WHAT TO PRODUCE
Exact copy, pictures excluded: write out every line below.

GIVEN INFORMATION
┌──

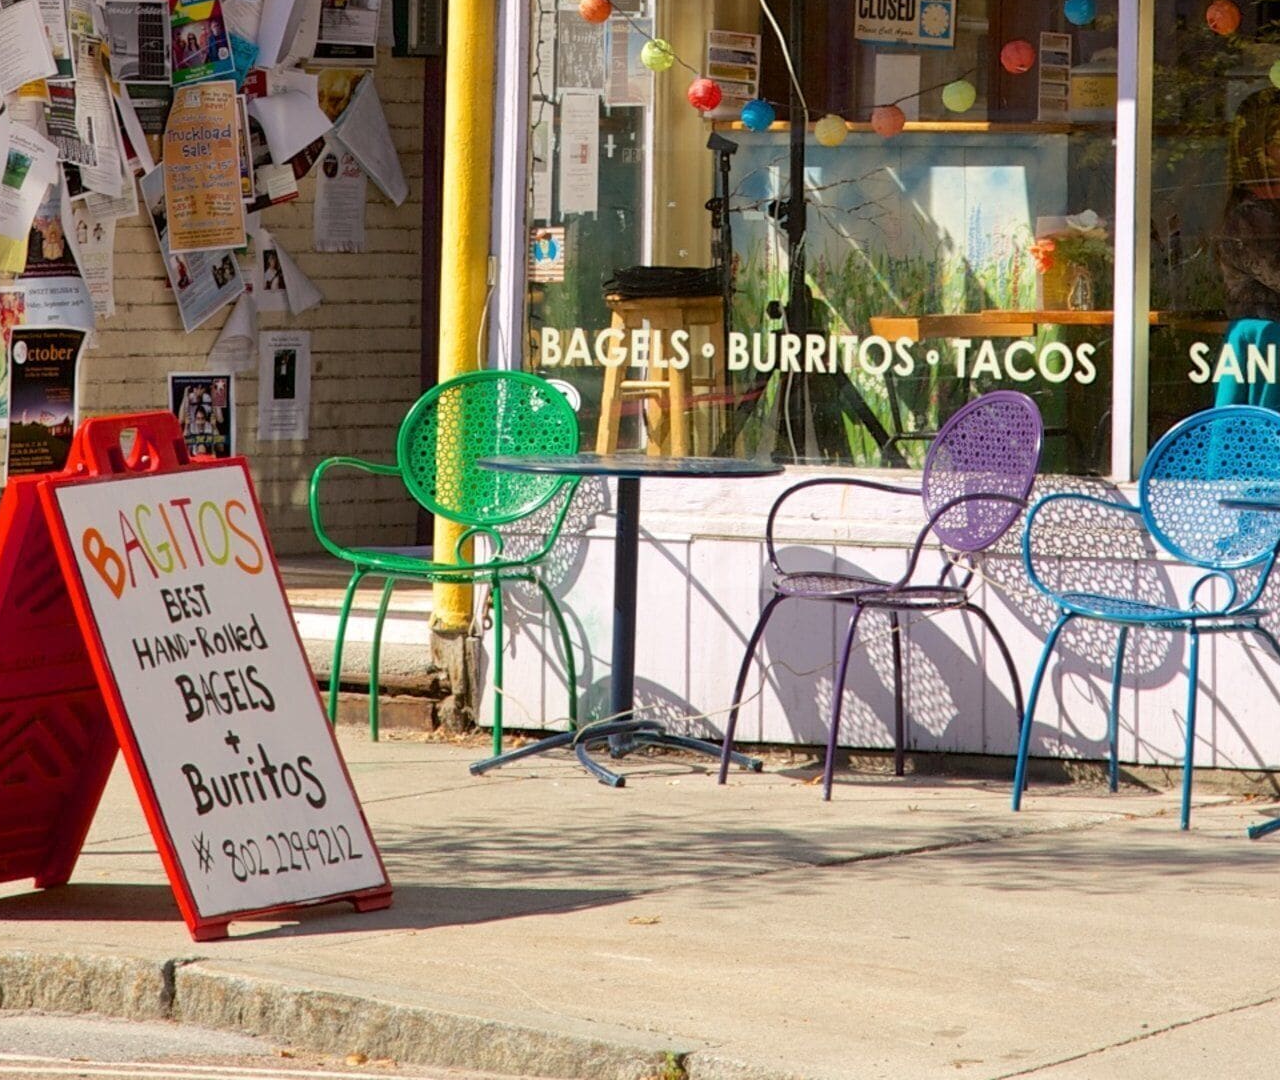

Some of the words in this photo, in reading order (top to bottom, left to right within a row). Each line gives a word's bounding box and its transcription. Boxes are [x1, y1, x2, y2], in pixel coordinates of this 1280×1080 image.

[168, 124, 232, 143] Truckload
[182, 142, 212, 158] Sale!
[541, 326, 691, 372] BAGELS
[726, 331, 915, 378] BURRITOS
[952, 338, 1096, 386] TACOS
[83, 497, 264, 600] BAGITOS
[161, 584, 212, 623] BEST
[132, 614, 268, 670] HAND-Rolled
[175, 665, 275, 723] BAGELS
[182, 743, 327, 816] Burritos
[223, 838, 270, 883] 802
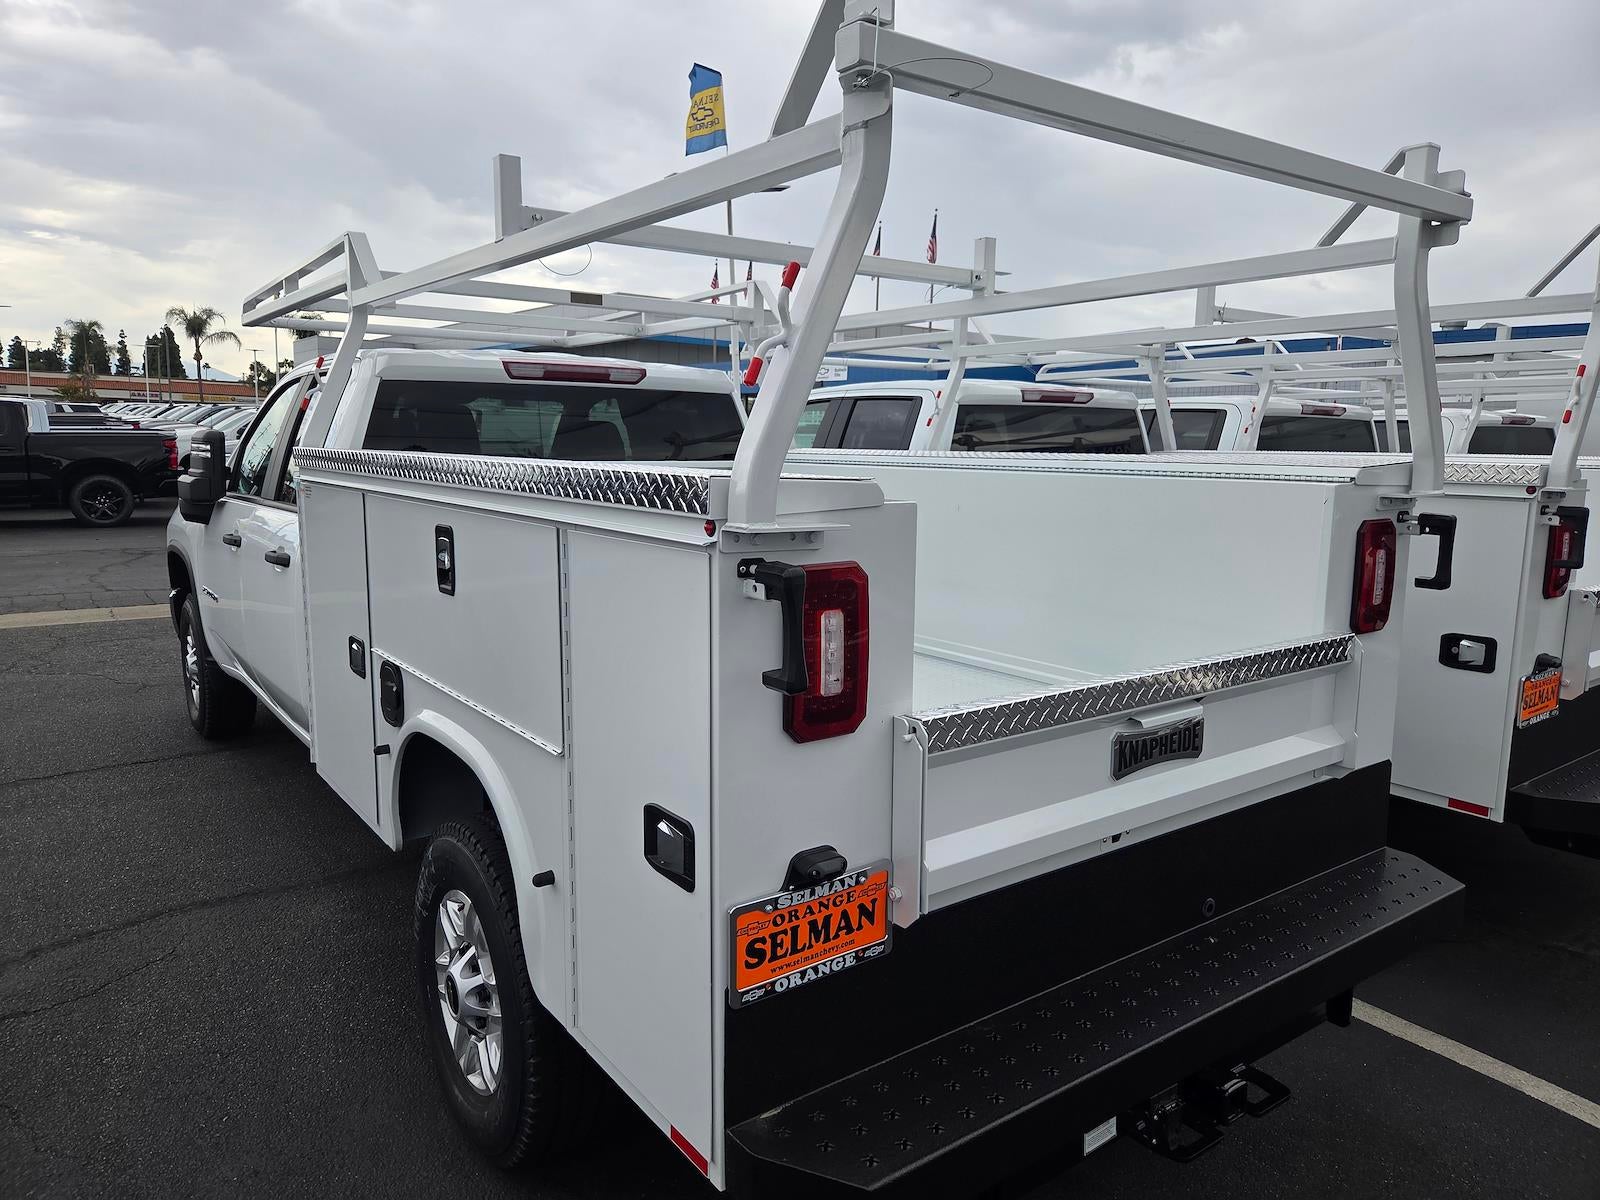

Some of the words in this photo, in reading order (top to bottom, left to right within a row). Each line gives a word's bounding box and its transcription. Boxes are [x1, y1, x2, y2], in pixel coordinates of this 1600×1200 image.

[1522, 684, 1558, 711] SELMAN
[1118, 719, 1200, 772] KNAPHEIDE
[771, 889, 857, 928] ORANGE
[776, 873, 859, 909] SELMAN
[744, 897, 879, 970] SELMAN
[770, 938, 856, 975] www.selmanchevy.com
[774, 952, 857, 993] ORANGE

└──

COMPLETED EXERCISE
Some of the words in this photo, in reading order (top to bottom, left to right within a row). Each line gives a word's bounding box and its transcription. Boxes are [x1, y1, x2, y2], in pixel coordinates of this 1280×1080 image.

[168, 124, 232, 143] Truckload
[182, 142, 212, 158] Sale!
[541, 326, 691, 372] BAGELS
[726, 331, 915, 378] BURRITOS
[952, 338, 1096, 386] TACOS
[83, 497, 264, 600] BAGITOS
[161, 584, 212, 623] BEST
[132, 614, 268, 670] HAND-Rolled
[175, 665, 275, 723] BAGELS
[182, 743, 327, 816] Burritos
[223, 838, 270, 883] 802

Some of the words in this photo, in reading order (top to bottom, left to right within a row). Each line gives a word's bounding box and its transcription. Boxes are [x1, y1, x2, y2], in pixel coordinates of this 1600×1200 image.

[1522, 684, 1558, 711] SELMAN
[1118, 719, 1200, 772] KNAPHEIDE
[771, 889, 857, 928] ORANGE
[776, 873, 859, 909] SELMAN
[744, 897, 879, 970] SELMAN
[770, 938, 856, 975] www.selmanchevy.com
[774, 952, 857, 993] ORANGE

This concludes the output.